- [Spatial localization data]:
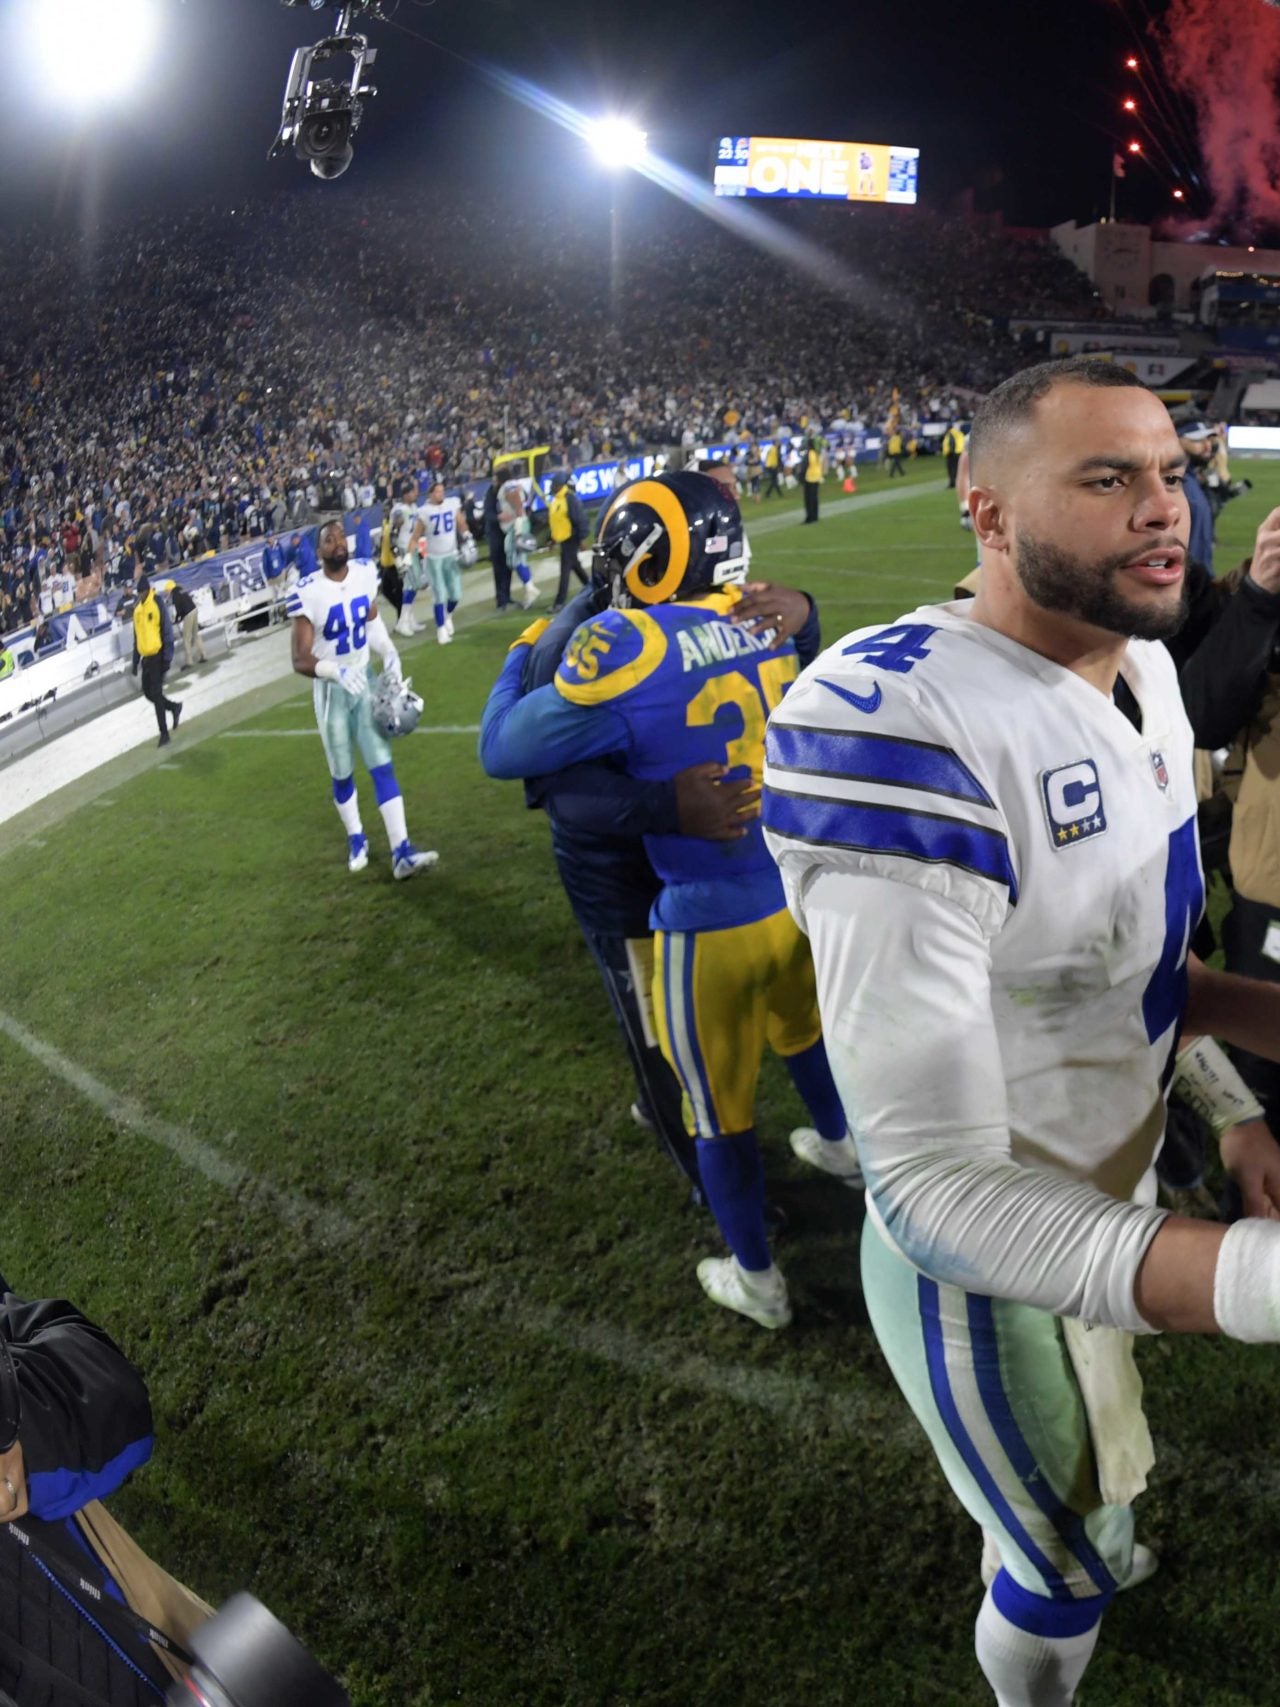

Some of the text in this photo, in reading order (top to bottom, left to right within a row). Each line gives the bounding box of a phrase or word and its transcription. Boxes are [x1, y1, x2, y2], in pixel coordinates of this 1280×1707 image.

[751, 156, 848, 196] ONE
[429, 511, 453, 535] 76
[323, 594, 369, 656] 48
[676, 618, 778, 673] ANDER
[842, 624, 942, 674] 4
[565, 627, 612, 680] 35
[1045, 762, 1100, 826] C
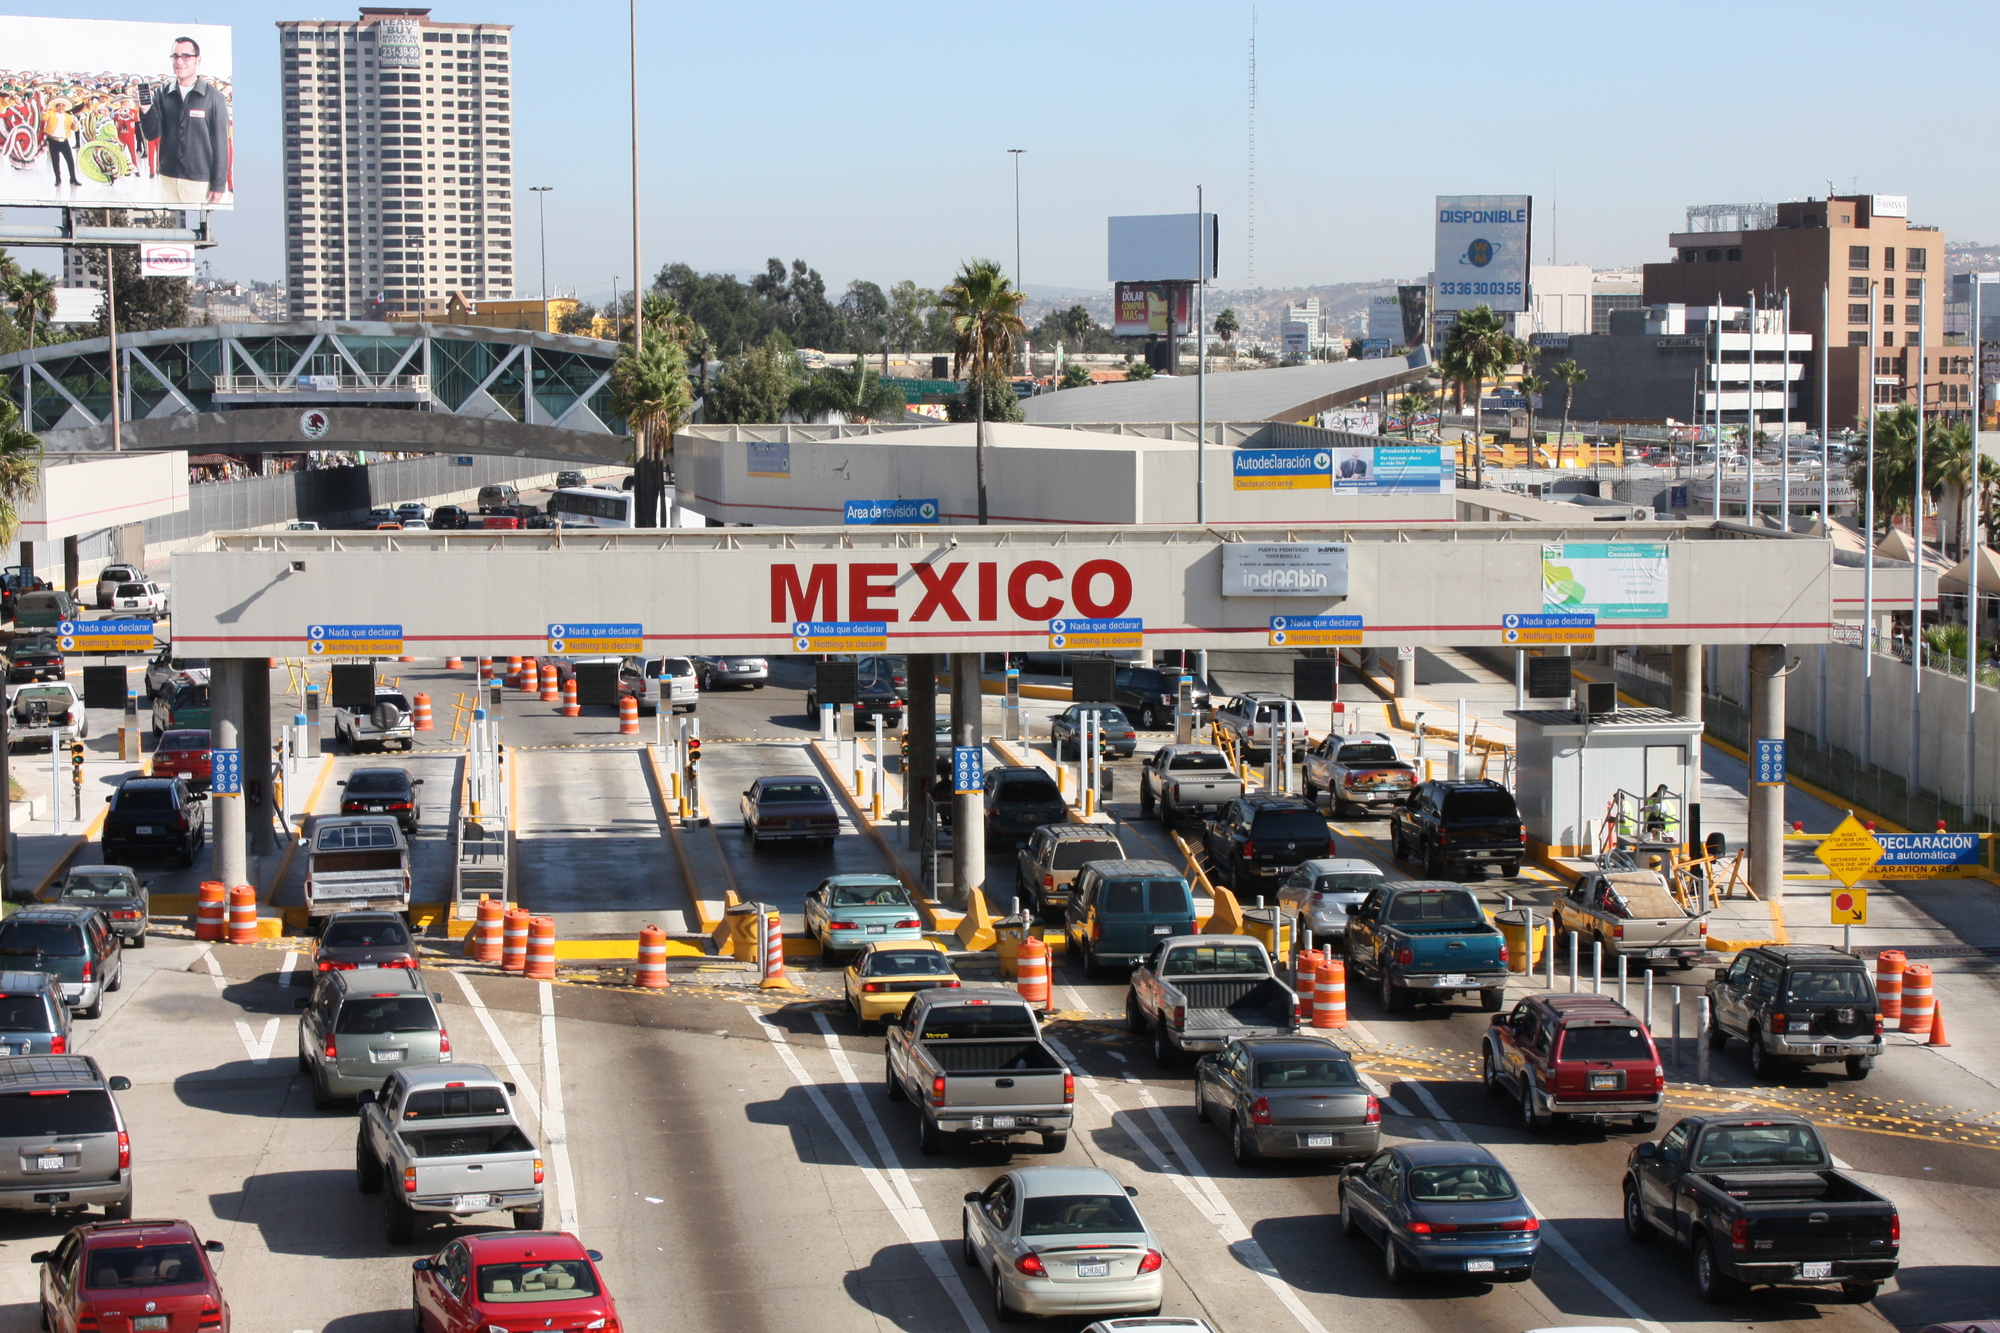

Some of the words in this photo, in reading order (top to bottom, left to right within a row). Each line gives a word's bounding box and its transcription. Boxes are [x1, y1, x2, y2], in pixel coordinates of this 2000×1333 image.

[383, 47, 419, 57] 231-39-99
[1440, 210, 1526, 223] DISPONIBLE
[1236, 454, 1311, 470] Autodeclaración
[847, 506, 868, 518] Area
[870, 506, 881, 518] de
[883, 505, 917, 517] revisión
[770, 559, 1132, 623] MEXICO
[368, 628, 399, 636] declarar
[1524, 632, 1552, 641] Nothing
[1071, 637, 1099, 646] Nothing
[1291, 634, 1320, 643] Nothing
[79, 639, 109, 648] Nothing
[329, 644, 358, 652] Nothing
[570, 642, 599, 651] Nothing
[814, 641, 843, 649] Nothing
[1875, 834, 1972, 849] DECLARACIÓN
[1897, 851, 1956, 859] automática
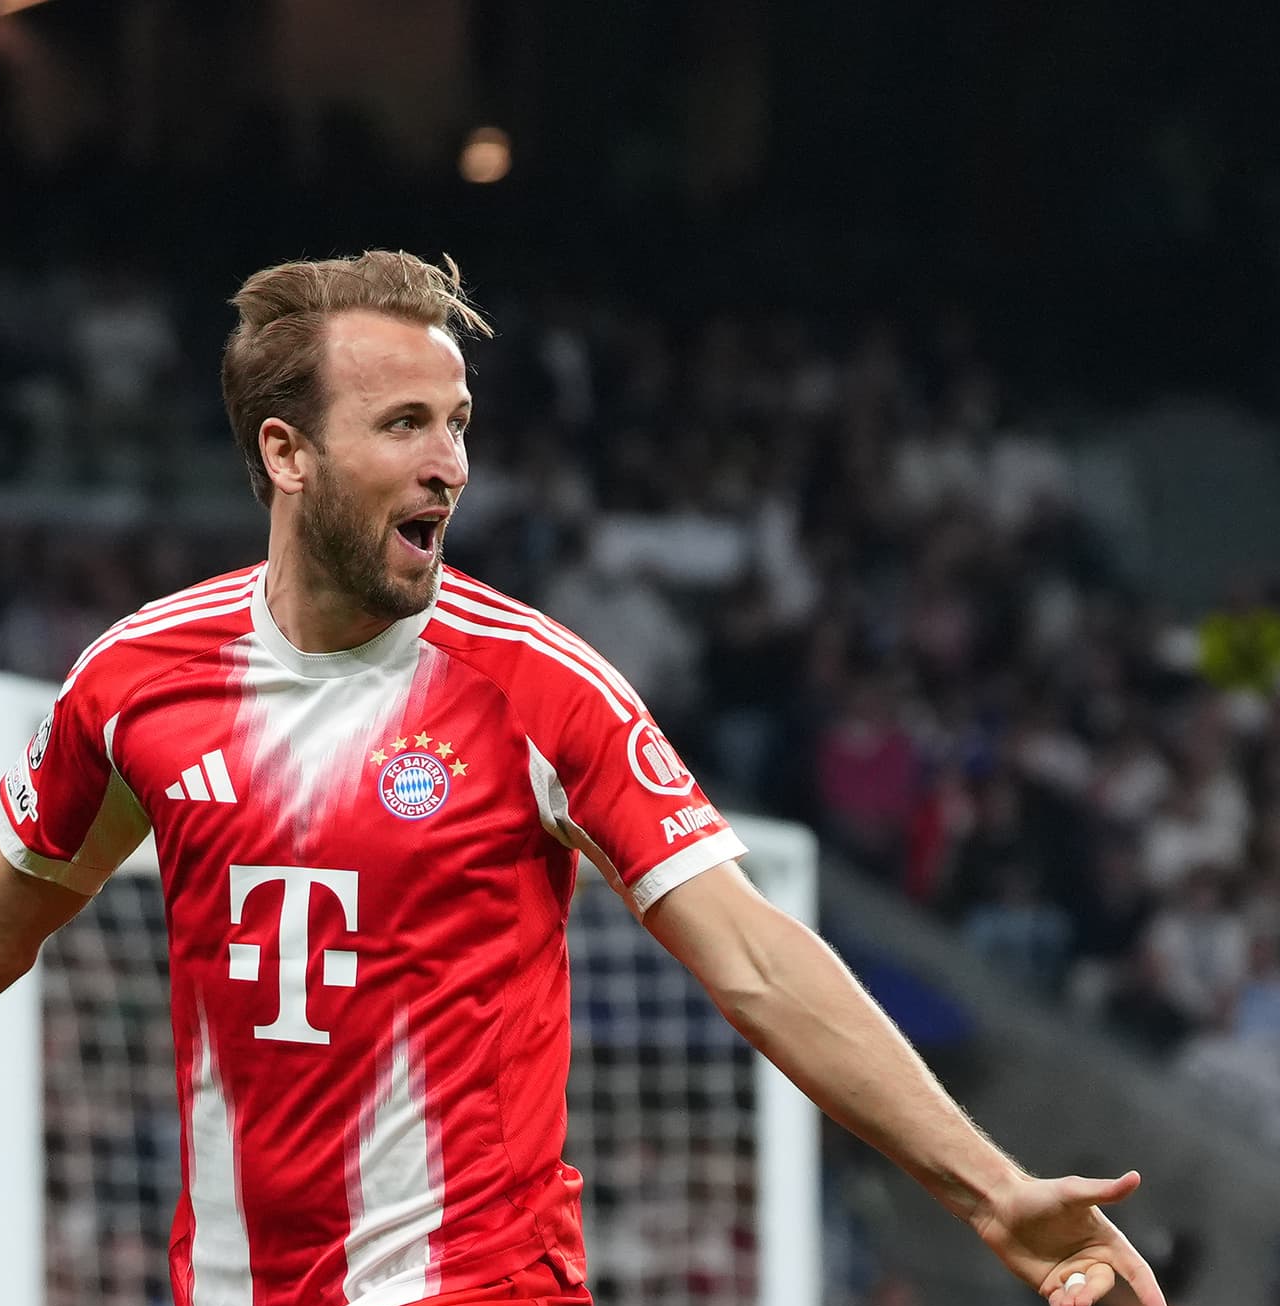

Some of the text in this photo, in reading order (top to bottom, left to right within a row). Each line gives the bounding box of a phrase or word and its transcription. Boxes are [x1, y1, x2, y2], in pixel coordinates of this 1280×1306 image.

- [PROBLEM DESCRIPTION]:
Every line of the data above is to be set down exactly; the pictures are not.

- [OUTPUT]:
Some of the text in this photo, in reading order (top to bottom, left to right within a row). Each line gives the bounding box of a phrase or word and its transcription. Boxes are [x1, y1, x2, y2], in pixel coordinates of this 1280×1707 image.

[751, 156, 848, 196] ONE
[429, 511, 453, 535] 76
[323, 594, 369, 656] 48
[676, 618, 778, 673] ANDER
[842, 624, 942, 674] 4
[565, 627, 612, 680] 35
[1045, 762, 1100, 826] C

Some of the words in this photo, in reading order (top to bottom, left to right within a row). Each line gives a word's bounding box and its transcription. Boxes are [x1, y1, x2, y2], in pixel coordinates of this 2000×1333 image.

[383, 47, 419, 57] 231-39-99
[1440, 210, 1526, 223] DISPONIBLE
[1236, 454, 1311, 470] Autodeclaración
[847, 506, 868, 518] Area
[870, 506, 881, 518] de
[883, 505, 917, 517] revisión
[770, 559, 1132, 623] MEXICO
[368, 628, 399, 636] declarar
[1524, 632, 1552, 641] Nothing
[1071, 637, 1099, 646] Nothing
[1291, 634, 1320, 643] Nothing
[79, 639, 109, 648] Nothing
[329, 644, 358, 652] Nothing
[570, 642, 599, 651] Nothing
[814, 641, 843, 649] Nothing
[1875, 834, 1972, 849] DECLARACIÓN
[1897, 851, 1956, 859] automática

Some of the text in this photo, in reading order (top to bottom, left to right within a row). Each line gives the bounding box of a phrase or word and its transcription. Boxes are [x1, y1, x2, y2], in pixel coordinates of this 1280×1306 image.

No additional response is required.